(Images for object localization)
------------------------

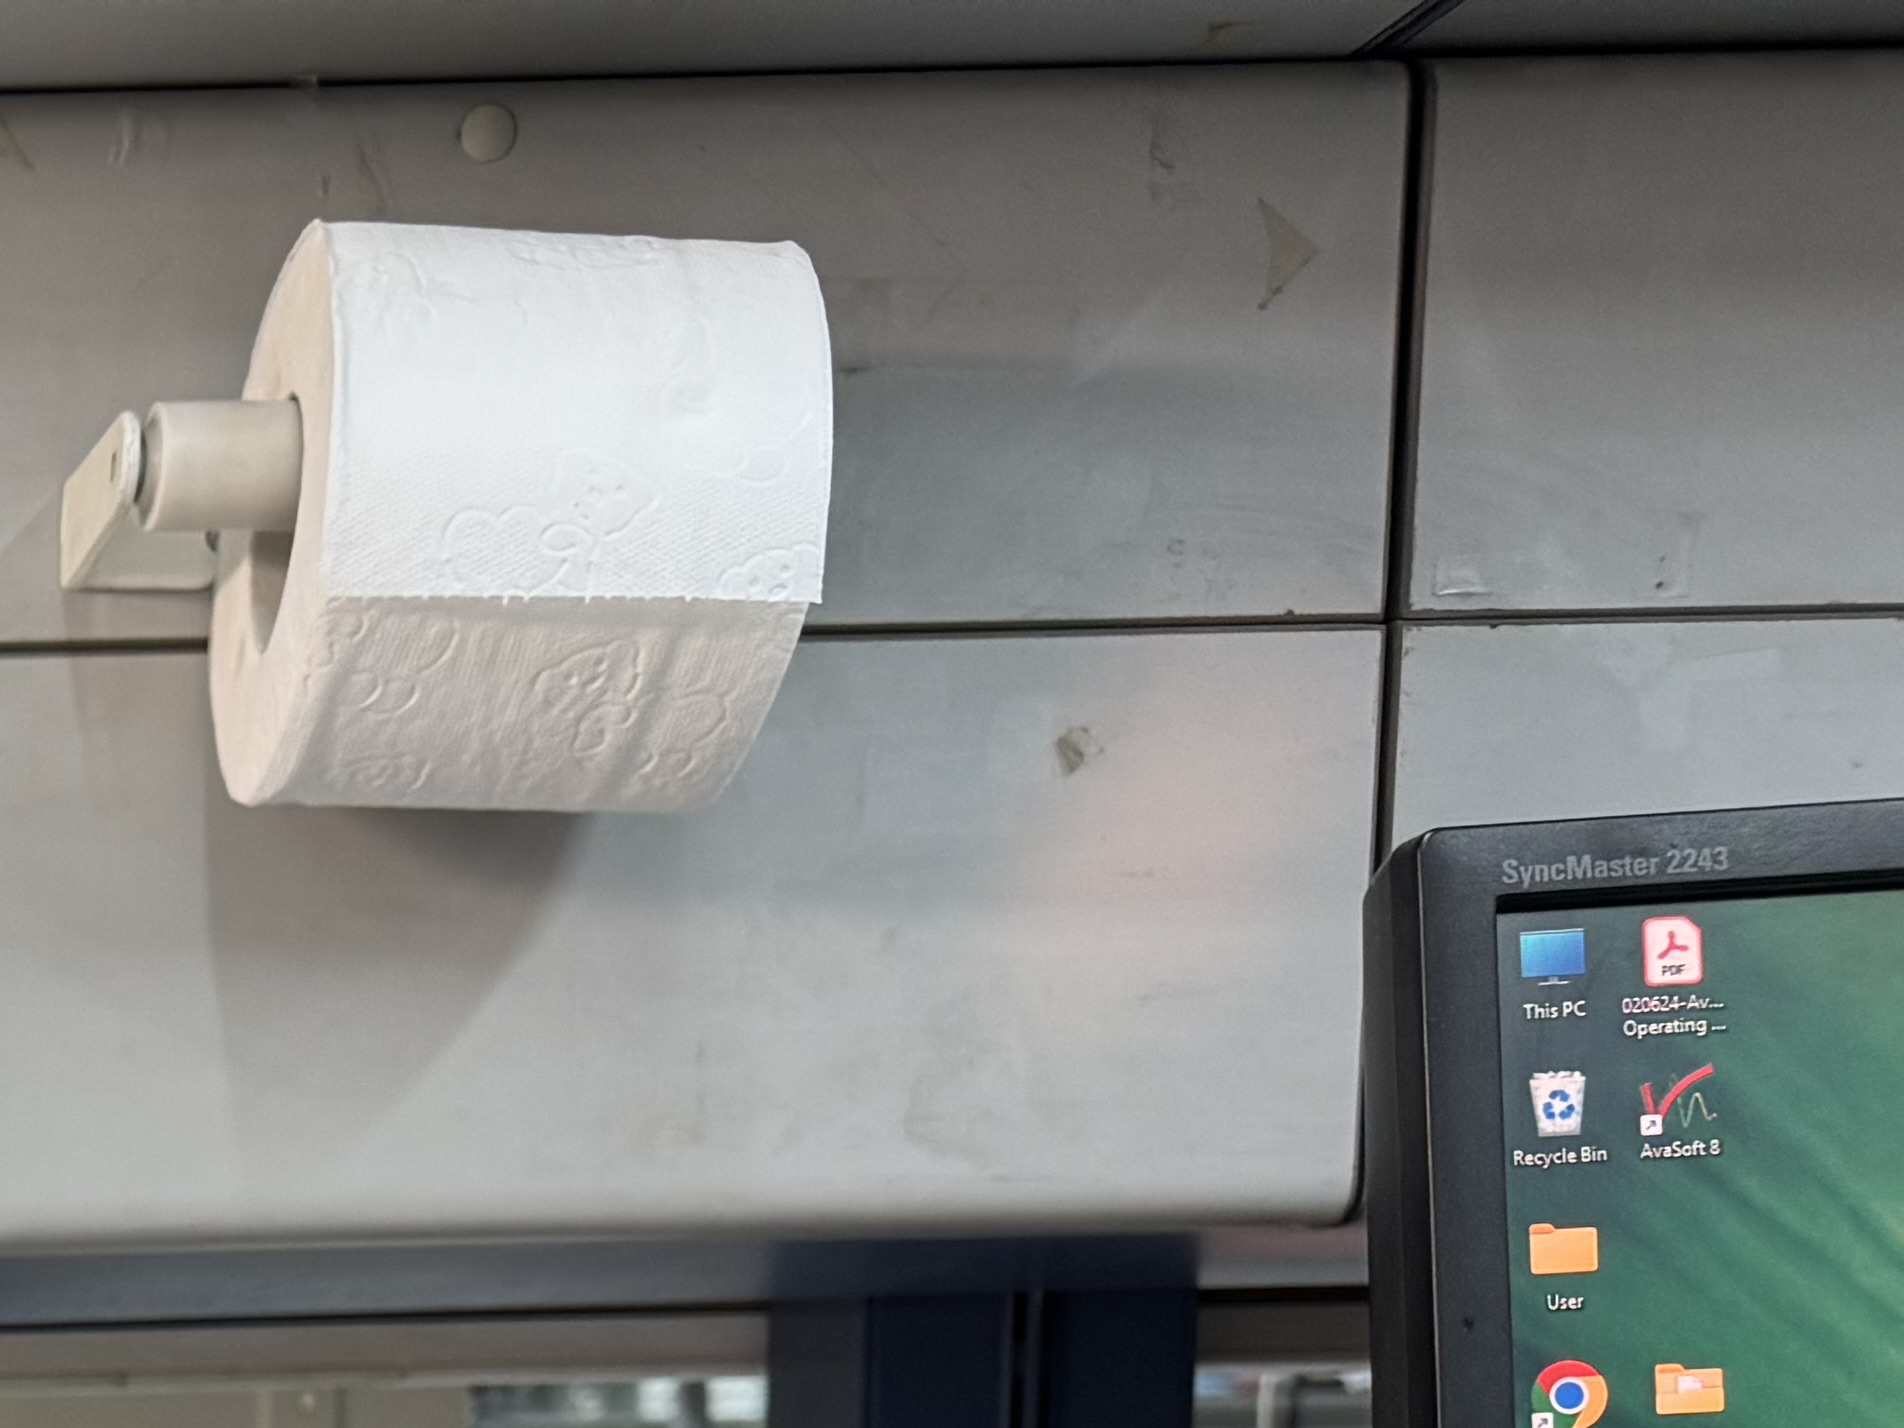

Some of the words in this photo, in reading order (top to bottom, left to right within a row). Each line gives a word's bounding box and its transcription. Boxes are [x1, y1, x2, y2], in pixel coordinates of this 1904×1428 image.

[1501, 854, 1659, 889] SyncMaster
[1666, 846, 1730, 875] 2243
[1661, 963, 1686, 977] PDF
[1523, 1003, 1559, 1020] This
[1563, 1001, 1587, 1018] PC
[1623, 1017, 1708, 1040] Operating
[1513, 1149, 1577, 1169] Recycle
[1581, 1146, 1608, 1162] Bin
[1640, 1140, 1706, 1160] AvaSoft
[1710, 1139, 1722, 1156] 8
[1547, 1294, 1585, 1311] User
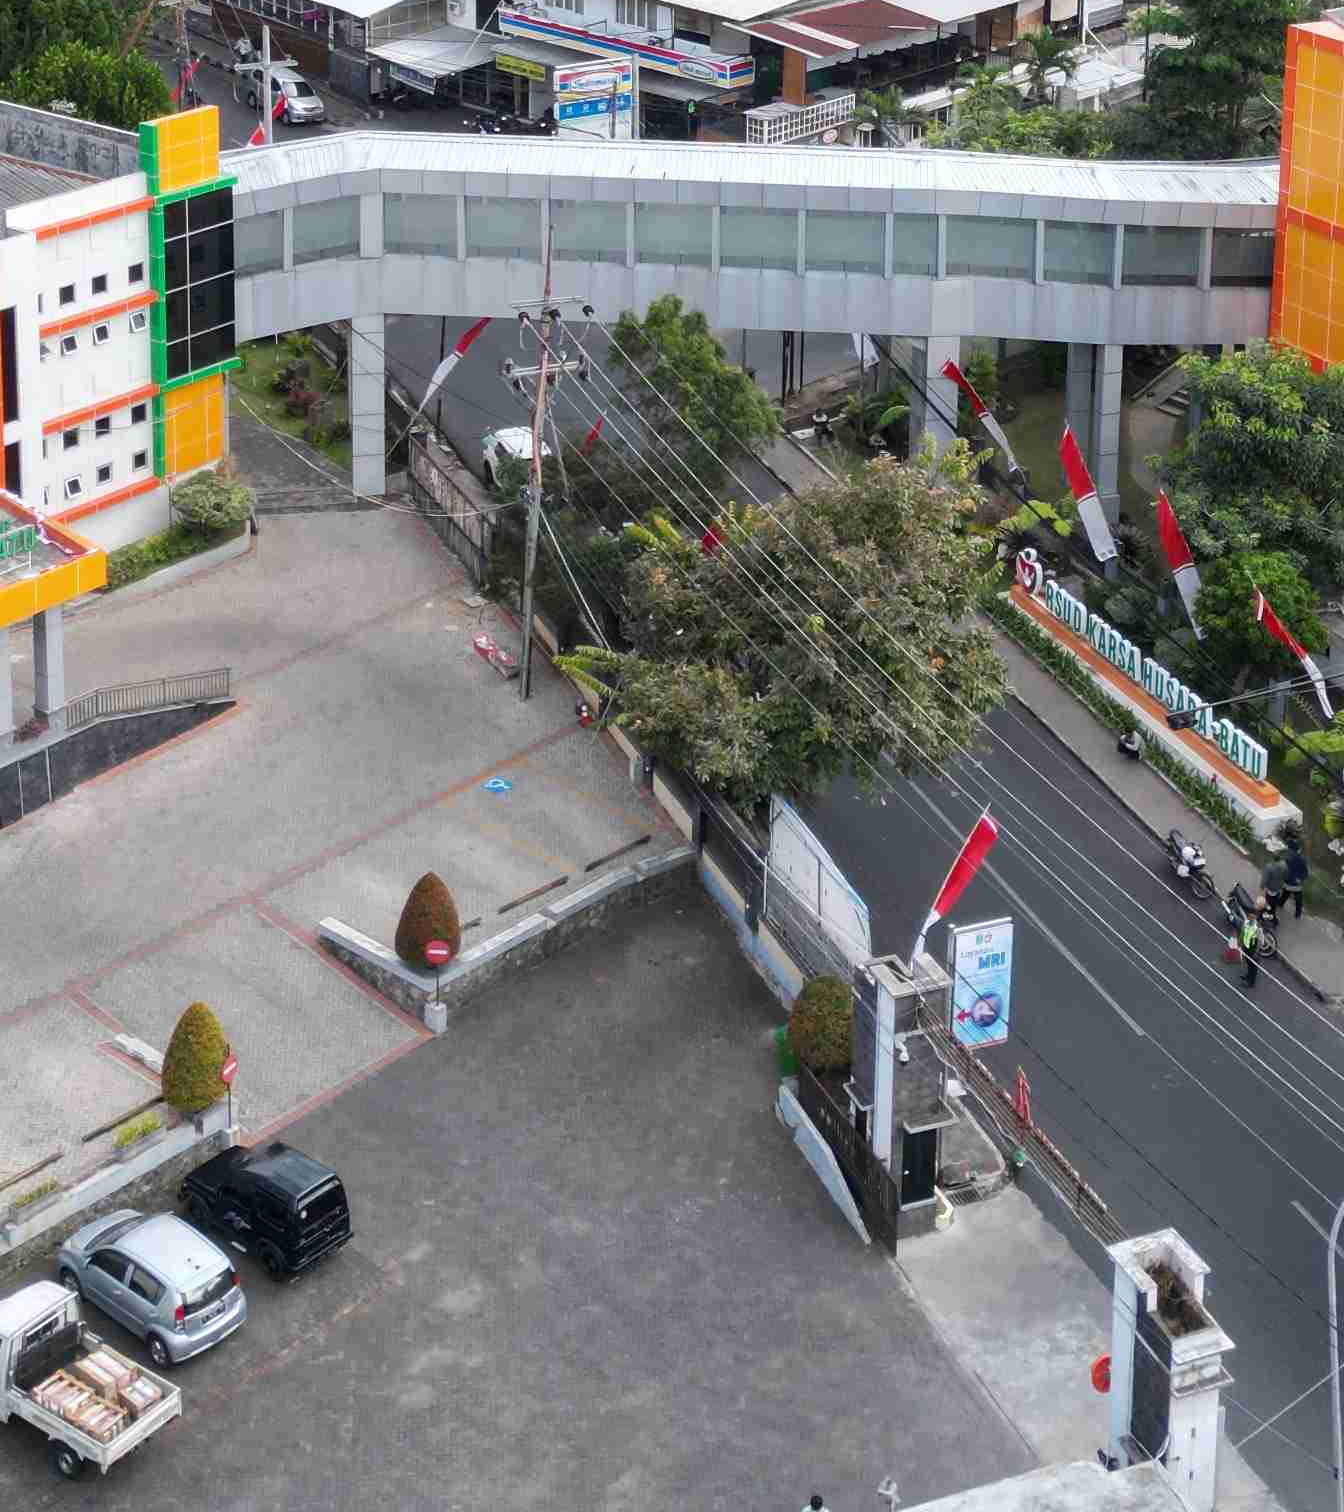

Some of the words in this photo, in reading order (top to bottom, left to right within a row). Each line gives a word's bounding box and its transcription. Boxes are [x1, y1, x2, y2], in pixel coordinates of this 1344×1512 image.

[1045, 580, 1087, 635] RSUD
[1087, 614, 1141, 682] KARSA
[1141, 657, 1213, 738] HUSADA
[1219, 718, 1268, 781] BATU
[978, 952, 1006, 970] MRI
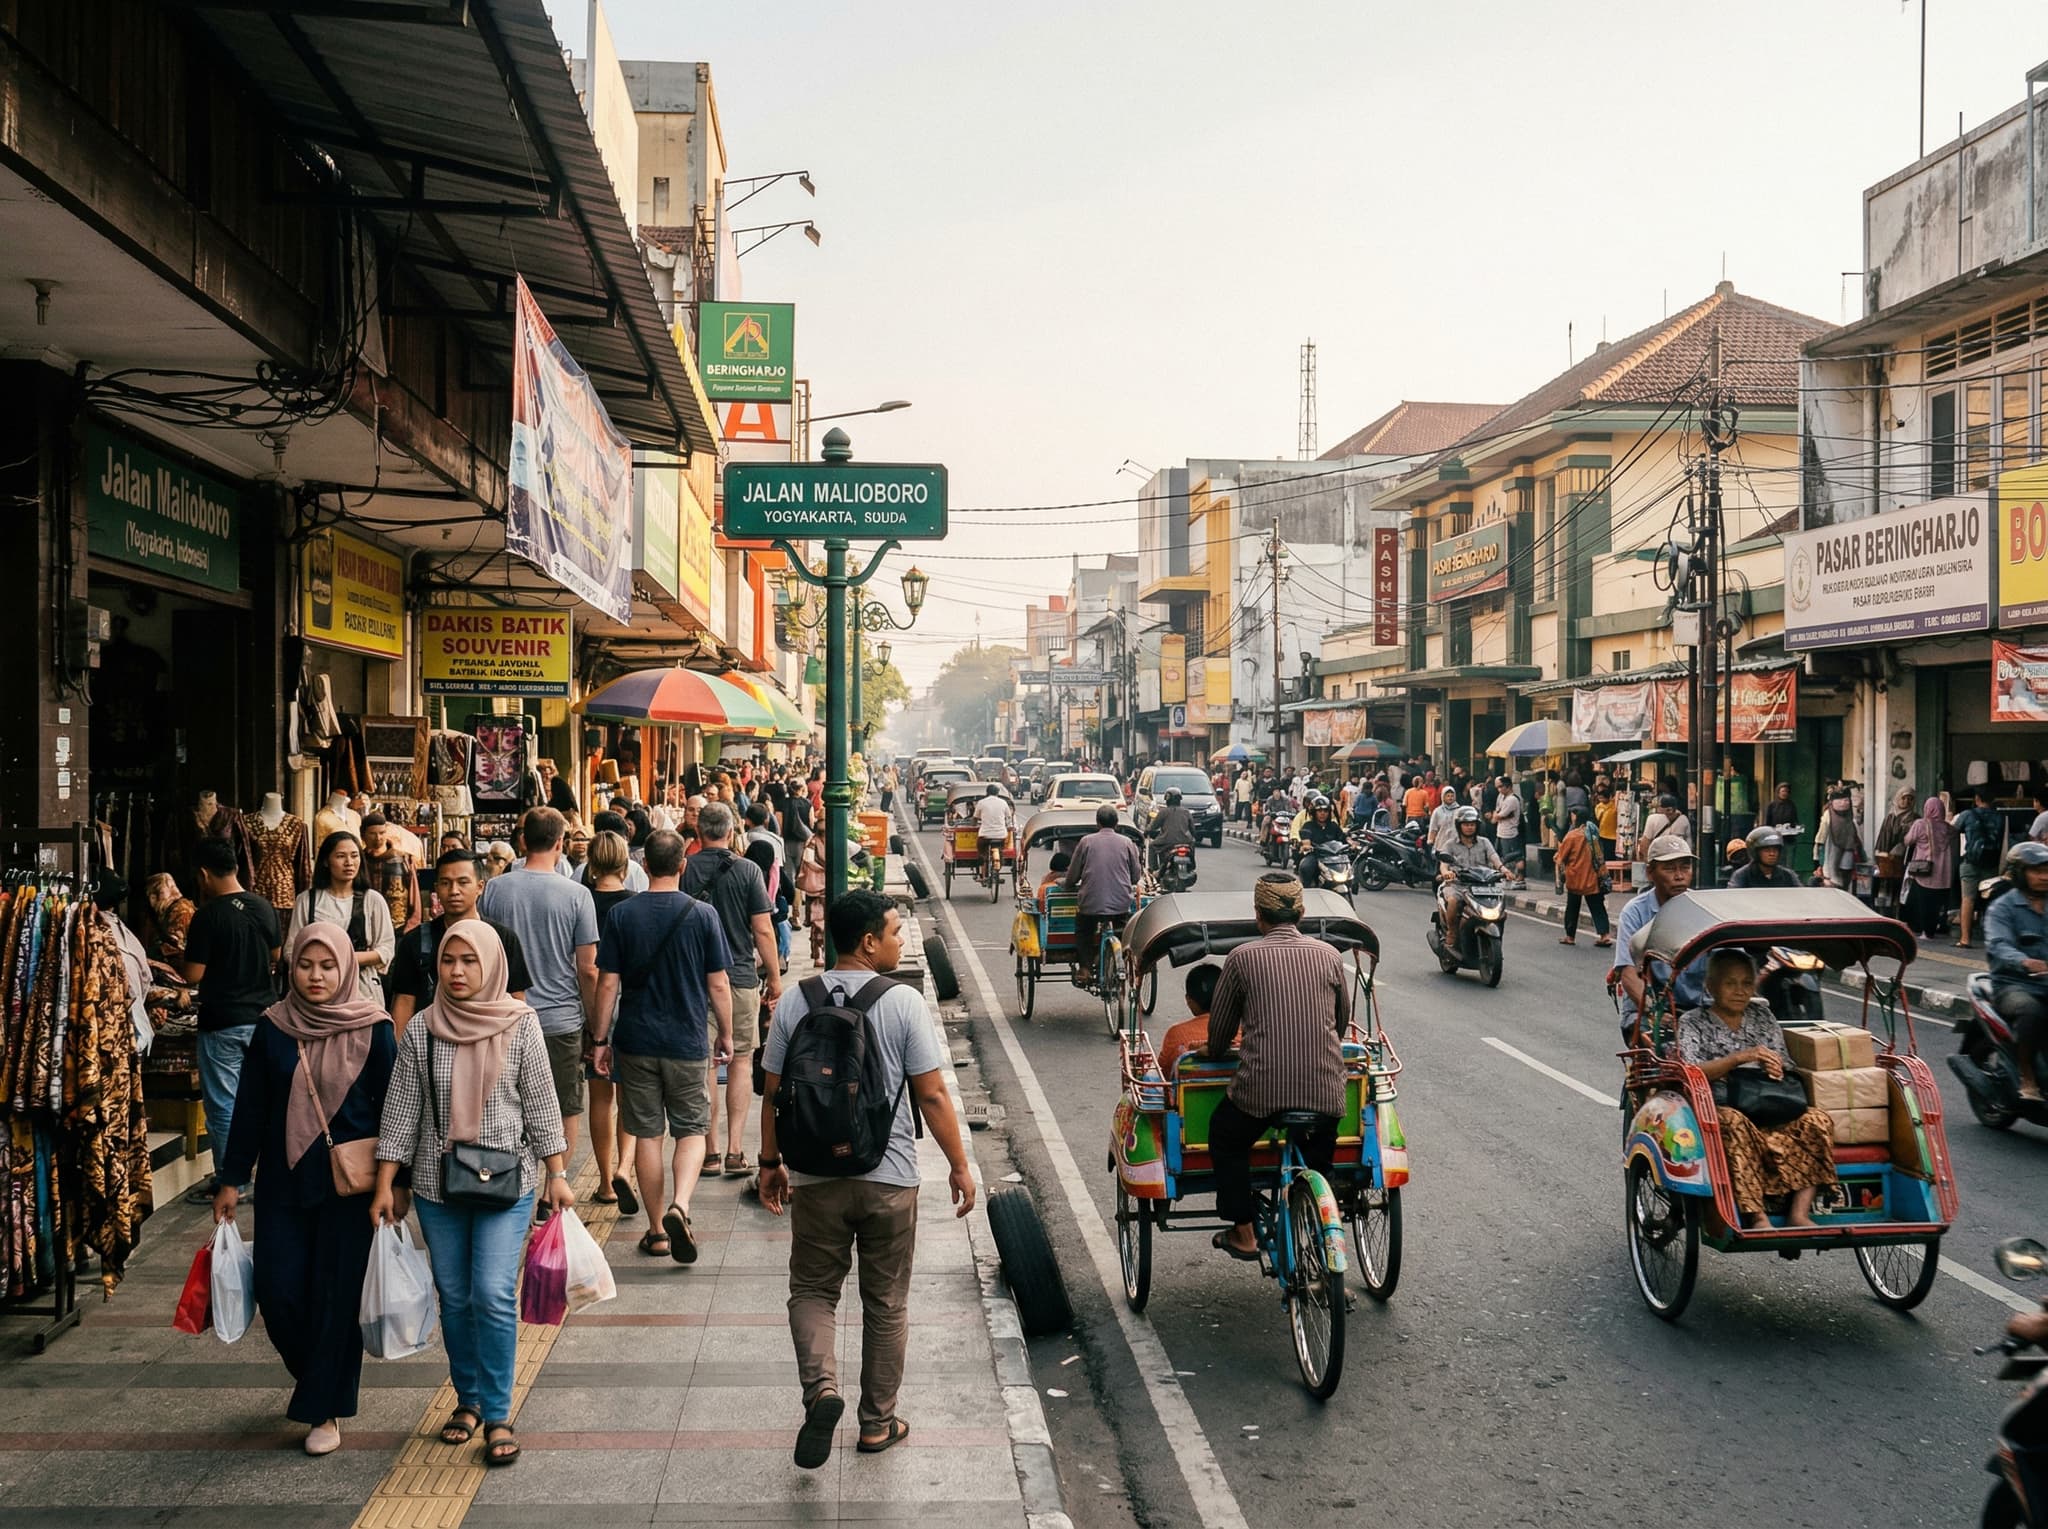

------------------------

- TASK PROMPT -
All of the records must come back exactly as they stand, minus every picture.

- EXERCISE SOLUTION -
Some of the words in this photo, in reading order (top to bottom, left to right within a row). Each line gives a word's bounding box and its transcription. Boxes are [x1, y1, x2, y2], in pixel coordinates of this 1904×1428 image.

[1501, 854, 1659, 889] SyncMaster
[1666, 846, 1730, 875] 2243
[1661, 963, 1686, 977] PDF
[1523, 1003, 1559, 1020] This
[1563, 1001, 1587, 1018] PC
[1623, 1017, 1708, 1040] Operating
[1513, 1149, 1577, 1169] Recycle
[1581, 1146, 1608, 1162] Bin
[1640, 1140, 1706, 1160] AvaSoft
[1710, 1139, 1722, 1156] 8
[1547, 1294, 1585, 1311] User

Some of the words in this photo, in reading order (top to bottom, left to right within a row). Each line gives a word's bounding box and its transcription. Boxes are [x1, y1, x2, y2], in pixel coordinates of this 1344×1512 image.

[1045, 580, 1087, 635] RSUD
[1087, 614, 1141, 682] KARSA
[1141, 657, 1213, 738] HUSADA
[1219, 718, 1268, 781] BATU
[978, 952, 1006, 970] MRI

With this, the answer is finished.